A story about Dominique Lapierre in Kolkata goes thus: After the success of his 1985 novel, The City of Joy, that chronicles the lives of the city’s poor and those working towards their rehabilitation, when the French writer visited Calcutta and presented Mother Teresa with a cheque of $50,000, he confessed that it was but “a drop in the ocean of need”. The nun, guardian angel of the poor and needy, reportedly responded, “If this drop did not exist, even the ocean would not.” For Lapierre, known in this country for his deeply-felt, rigorously researched works such as The City of Joy, Freedom at Midnight (1975, with friend and literary collaborator Larry Collins) and Five Past Midnight in Bhopal (1997, with Javier Moro), it was an affirmation of his life’s purpose: That it was not enough to record injustices in his narratives. He needed to work towards remedying them, too. The writer, who passed away on Sunday at 91, was known equally well for his philanthropic work in India.

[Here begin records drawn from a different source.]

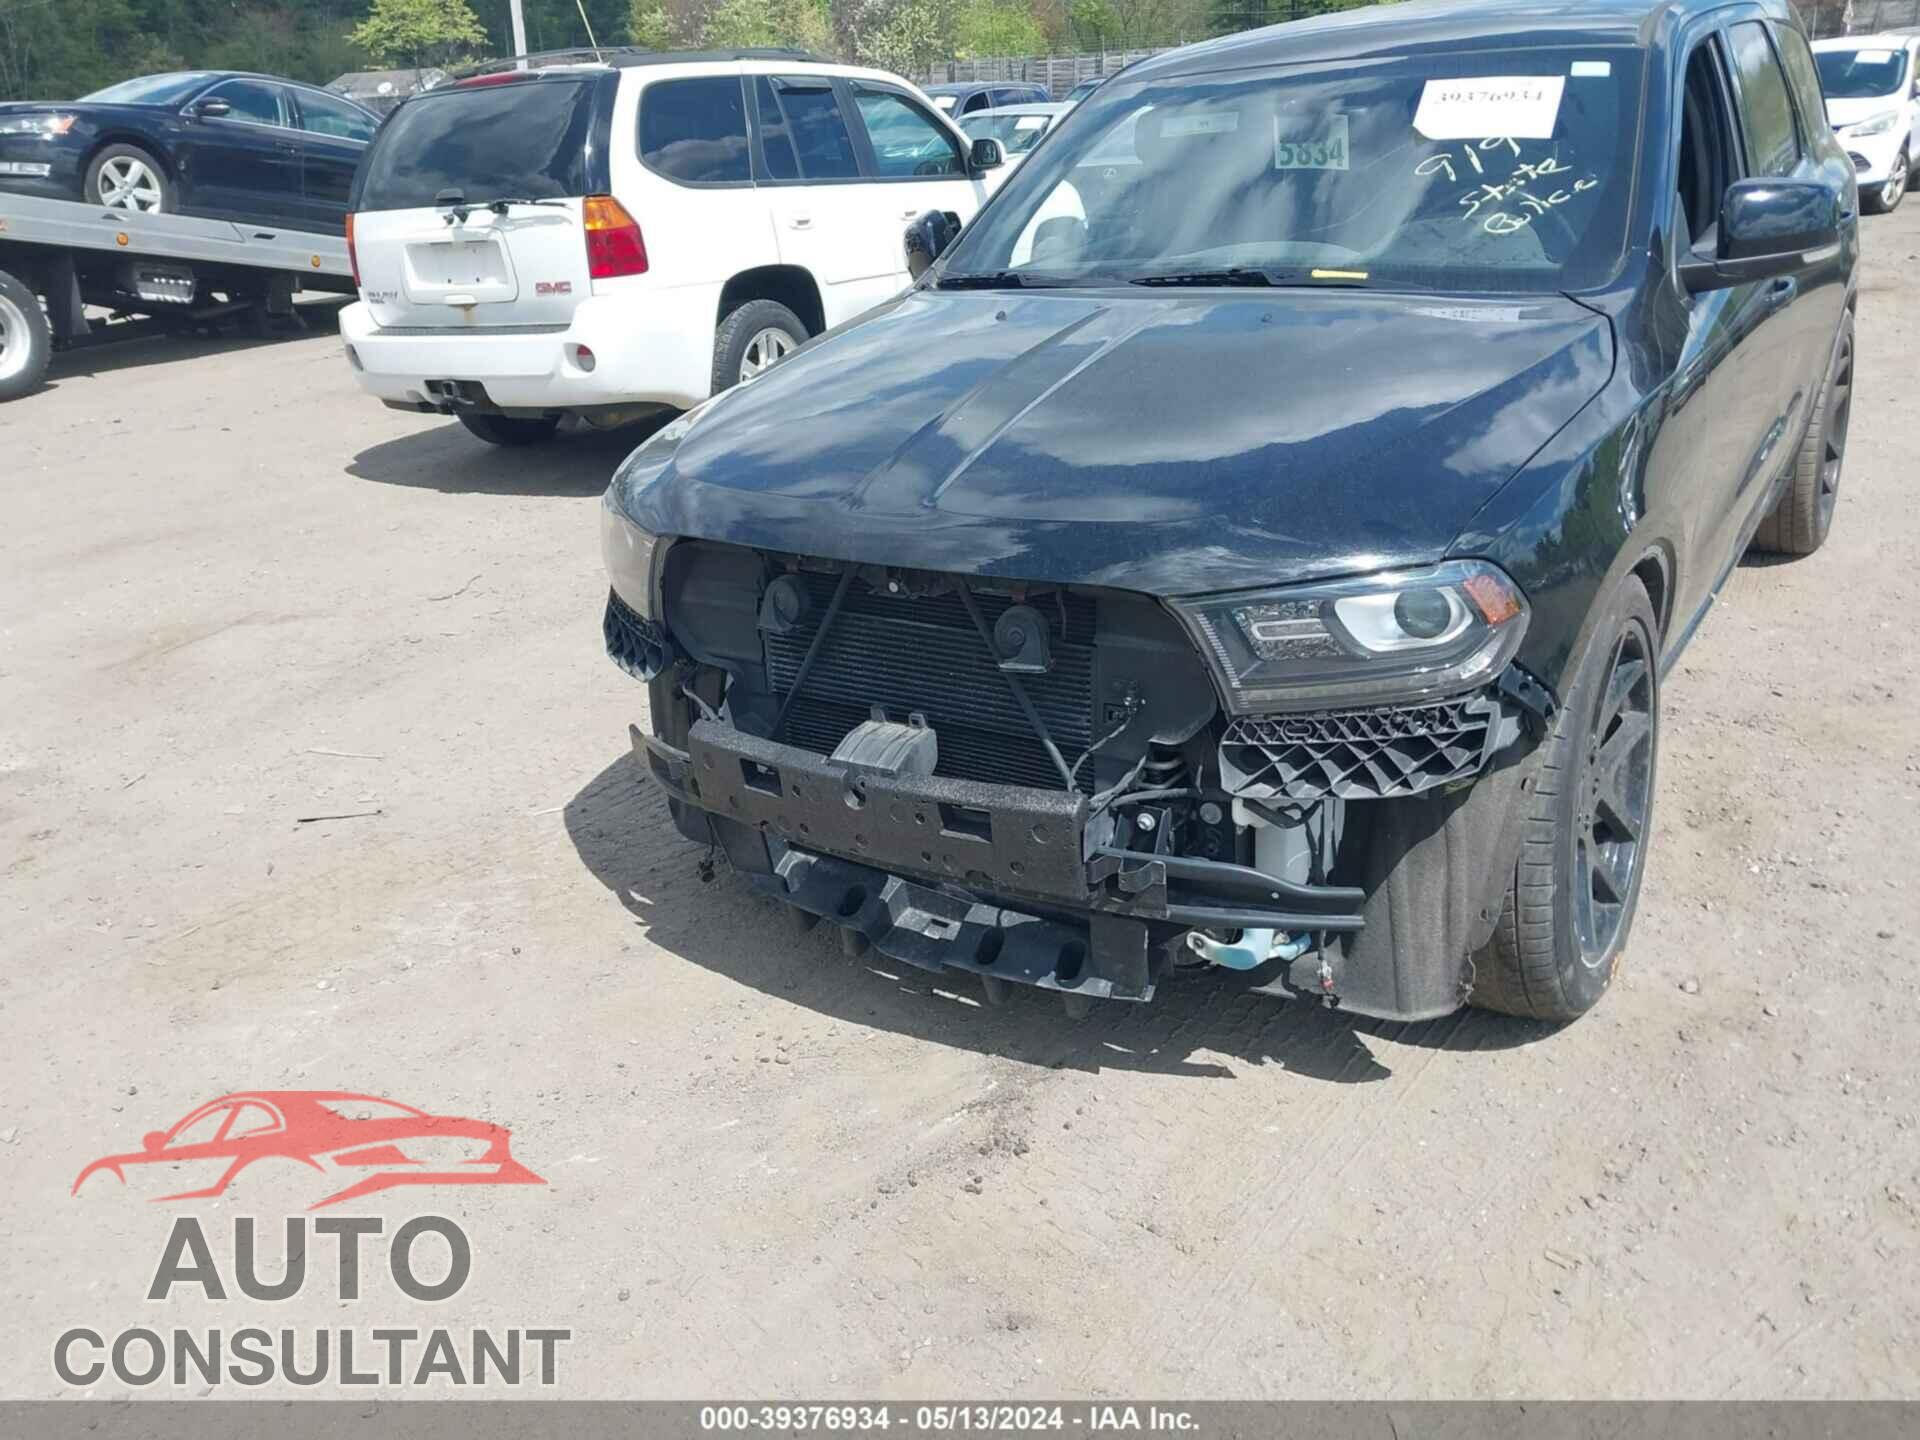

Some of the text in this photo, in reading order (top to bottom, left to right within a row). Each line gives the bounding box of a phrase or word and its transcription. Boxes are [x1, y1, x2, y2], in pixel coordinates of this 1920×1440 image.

[1435, 90, 1543, 105] 39376934
[1279, 137, 1344, 167] 5834
[535, 282, 572, 295] GMC
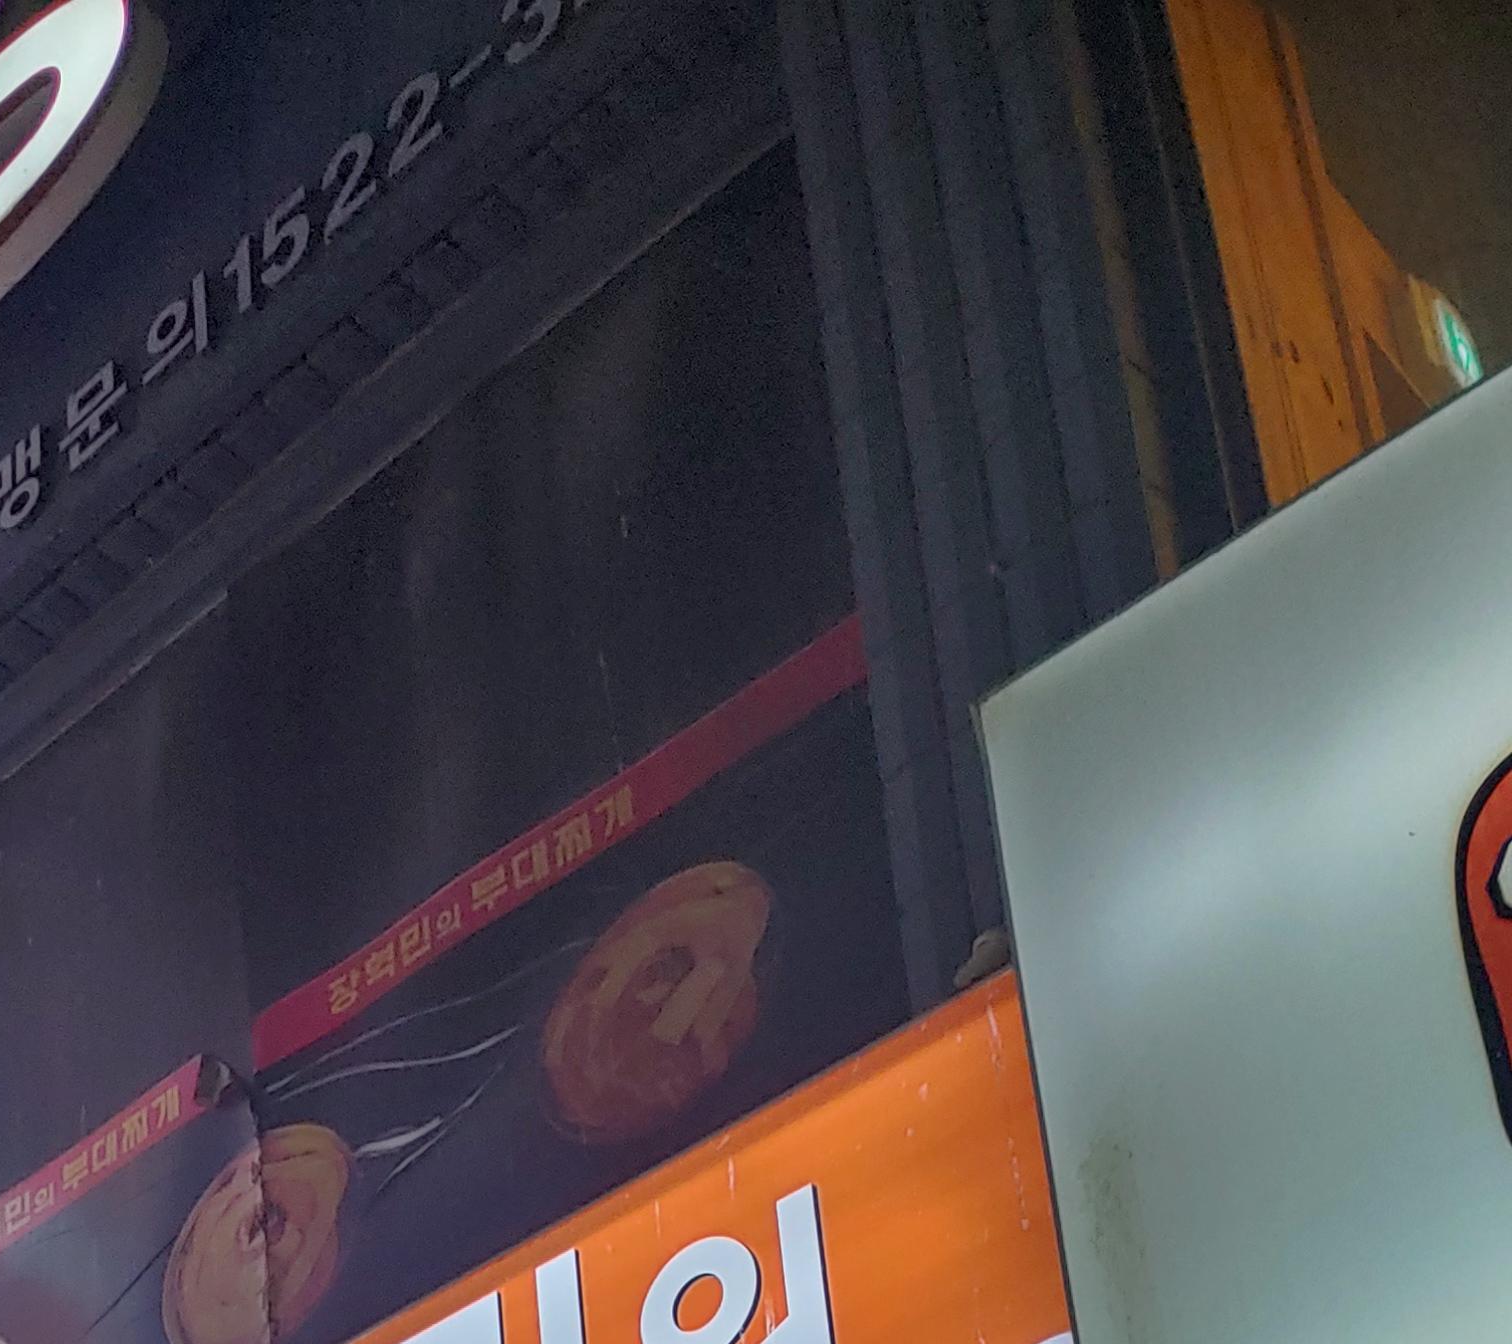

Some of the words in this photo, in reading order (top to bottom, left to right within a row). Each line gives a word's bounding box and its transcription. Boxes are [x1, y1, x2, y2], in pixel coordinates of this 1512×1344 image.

[327, 904, 462, 1014] 장혁민의
[471, 784, 636, 911] 부대찌개
[60, 1084, 181, 1190] 부대찌개
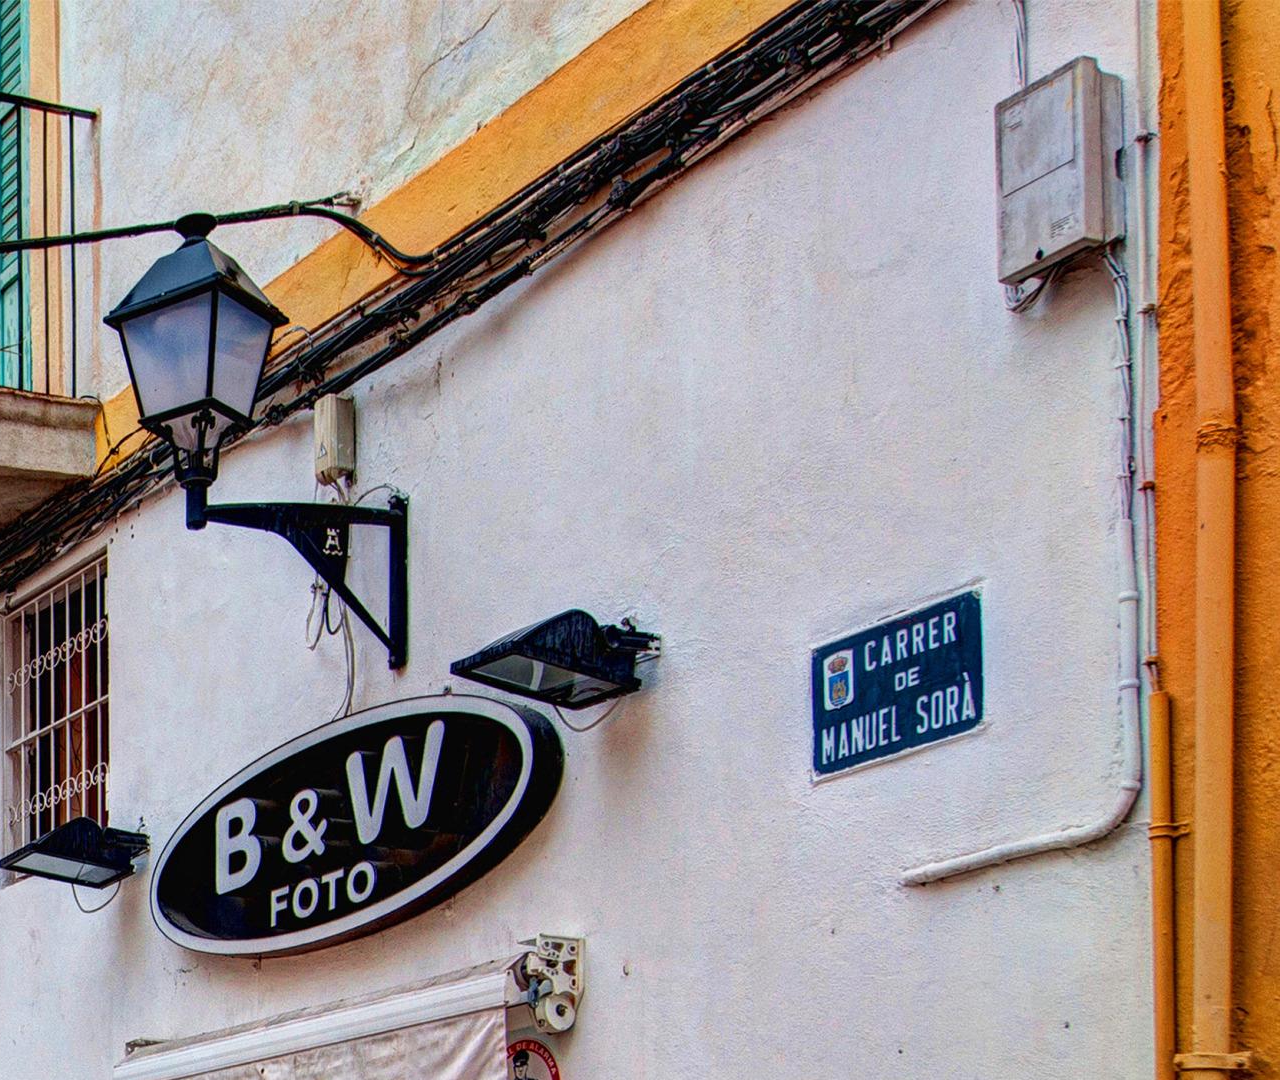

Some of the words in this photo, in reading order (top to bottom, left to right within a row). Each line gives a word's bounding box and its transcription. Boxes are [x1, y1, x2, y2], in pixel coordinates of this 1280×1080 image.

[864, 611, 957, 671] CARRER
[895, 666, 921, 692] DE
[822, 705, 901, 765] MANUEL
[916, 672, 976, 734] SORÀ
[215, 797, 262, 895] B
[281, 789, 328, 864] &
[346, 720, 445, 845] W
[270, 861, 377, 927] FOTO

Son of a diplomat father and a journalist mother, Lapierre’s writing career began with travelogues before he turned reporter for Paris Match in the 1950s. His desire to see the world took him across North America, the Middle East, Asia and to the former USSR, each visit producing bestselling works of fiction and non-fiction, but more importantly, opening up to the pre-internet world a view of and from the grassroots, where, beneath the ebb and flow of political regimes, men and women lived, loved, struggled and survived.
The demise of any intellectual is marked by tributes to the cultural heft of the body of work they leave behind. By that metric alone, Lapierre was a success, having sold tens of millions of copies of his work. But more than commercial success, the legacy that the French writer leaves behind is of an adventurer’s pluck and generosity of spirit, born of the knowledge that circumstances and futures can and do change, and the only thing worth holding on to is compassion and respect for life.